Start of Block

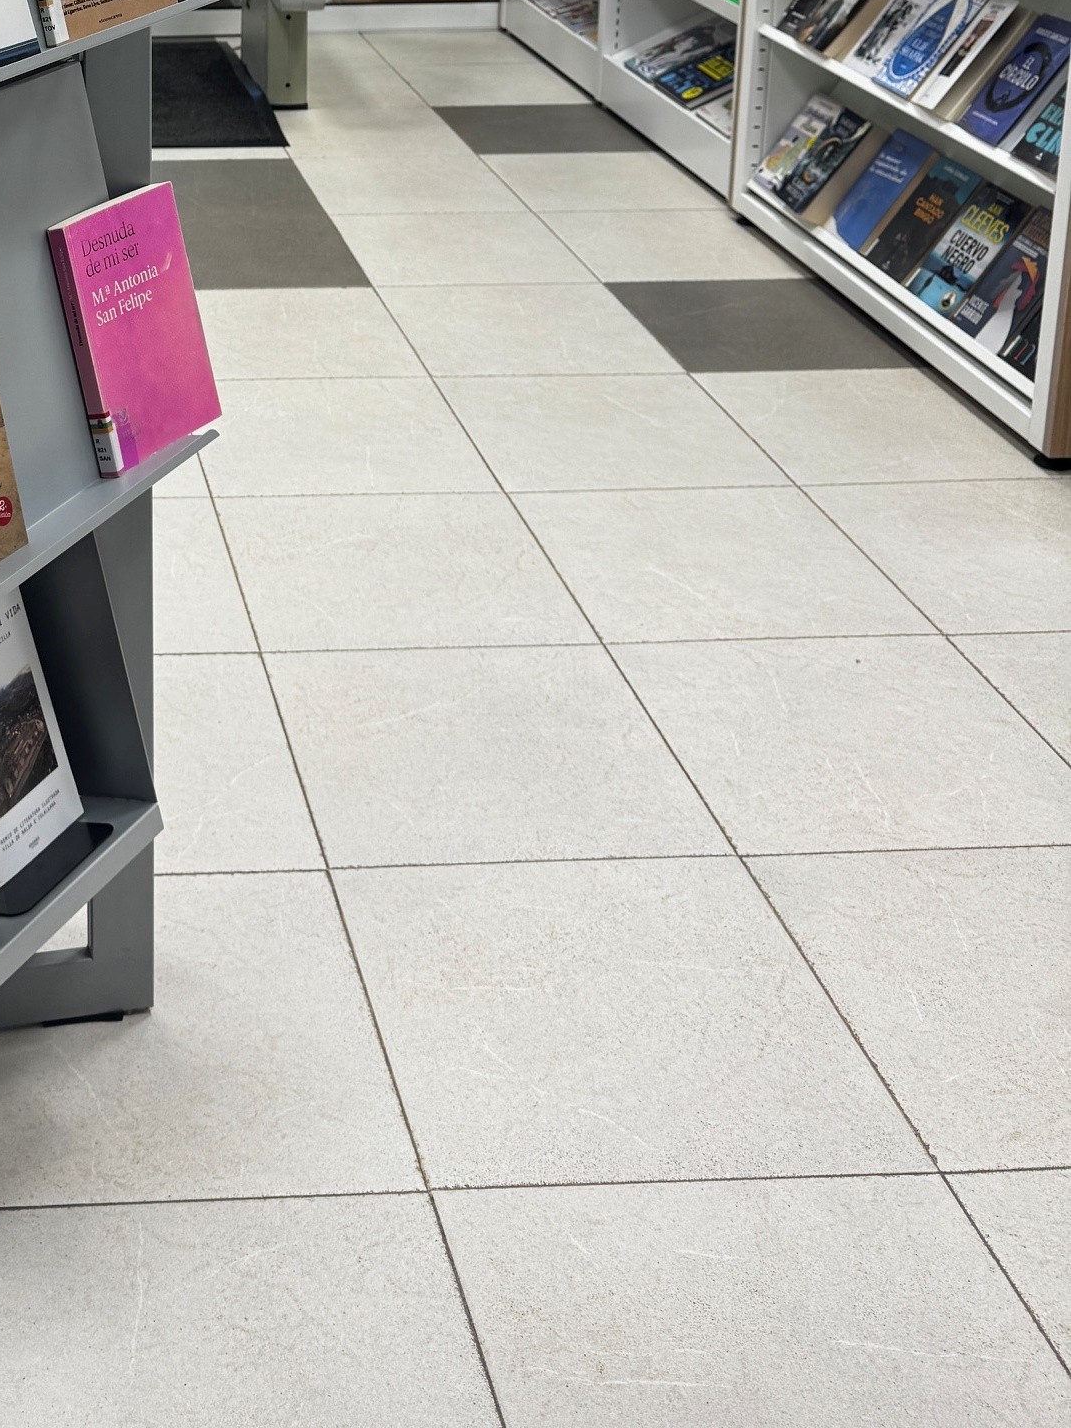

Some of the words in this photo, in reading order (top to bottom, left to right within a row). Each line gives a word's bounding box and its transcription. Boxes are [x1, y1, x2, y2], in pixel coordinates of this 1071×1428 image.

[81, 221, 136, 257] Desnuda
[961, 204, 1010, 245] CLEEVES
[85, 260, 101, 278] de
[103, 250, 120, 272] mi
[122, 241, 141, 262] ser
[941, 245, 977, 275] NEGRO
[950, 229, 989, 262] CUERVO
[113, 263, 159, 298] Antonia
[96, 304, 119, 327] San
[119, 287, 154, 316] Felipe
[5, 602, 22, 622] VIDA
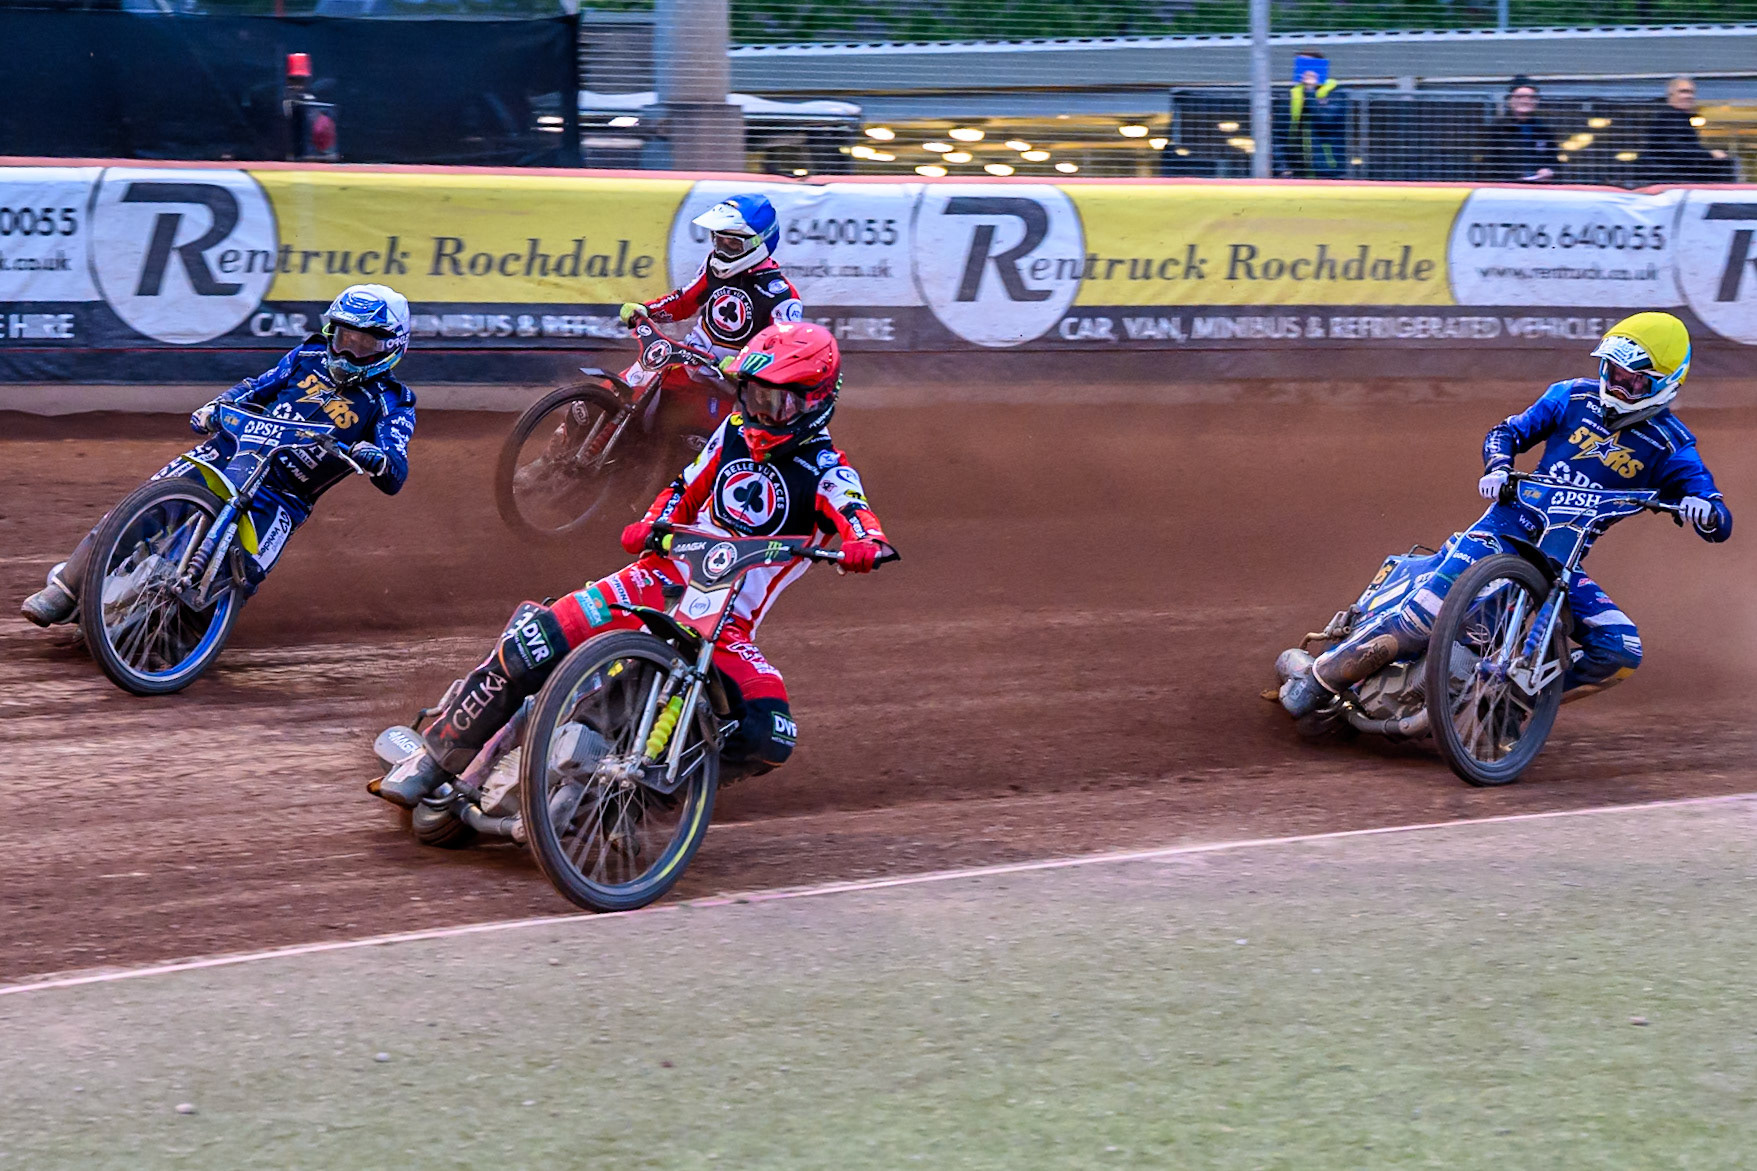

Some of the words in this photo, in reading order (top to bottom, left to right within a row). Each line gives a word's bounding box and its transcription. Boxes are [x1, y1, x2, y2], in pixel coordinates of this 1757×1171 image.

[120, 182, 409, 296] Rentruck
[427, 236, 655, 279] Rochdale
[944, 196, 1209, 302] Rentruck
[1225, 242, 1436, 282] Rochdale
[9, 313, 75, 339] HIRE
[835, 317, 896, 340] HIRE
[1304, 316, 1325, 338] &
[724, 463, 754, 477] BELLE
[758, 465, 776, 480] VUE
[773, 482, 785, 509] ACES
[1563, 491, 1602, 508] PSH
[522, 622, 550, 662] DVR
[452, 670, 509, 732] CELKA

End of Block

**Prompt:**
The result should be the full material above, word for word, with its pictures omitted.

**Problem solution:**
Some of the words in this photo, in reading order (top to bottom, left to right within a row). Each line gives a word's bounding box and its transcription. Boxes are [x1, y1, x2, y2], in pixel coordinates of this 1071×1428 image.

[81, 221, 136, 257] Desnuda
[961, 204, 1010, 245] CLEEVES
[85, 260, 101, 278] de
[103, 250, 120, 272] mi
[122, 241, 141, 262] ser
[941, 245, 977, 275] NEGRO
[950, 229, 989, 262] CUERVO
[113, 263, 159, 298] Antonia
[96, 304, 119, 327] San
[119, 287, 154, 316] Felipe
[5, 602, 22, 622] VIDA

Some of the words in this photo, in reading order (top to bottom, left to right within a row). Each line gives a word's bounding box and its transcription. Boxes are [x1, y1, x2, y2], in pixel coordinates of this 1757×1171 image.

[120, 182, 409, 296] Rentruck
[427, 236, 655, 279] Rochdale
[944, 196, 1209, 302] Rentruck
[1225, 242, 1436, 282] Rochdale
[9, 313, 75, 339] HIRE
[835, 317, 896, 340] HIRE
[1304, 316, 1325, 338] &
[724, 463, 754, 477] BELLE
[758, 465, 776, 480] VUE
[773, 482, 785, 509] ACES
[1563, 491, 1602, 508] PSH
[522, 622, 550, 662] DVR
[452, 670, 509, 732] CELKA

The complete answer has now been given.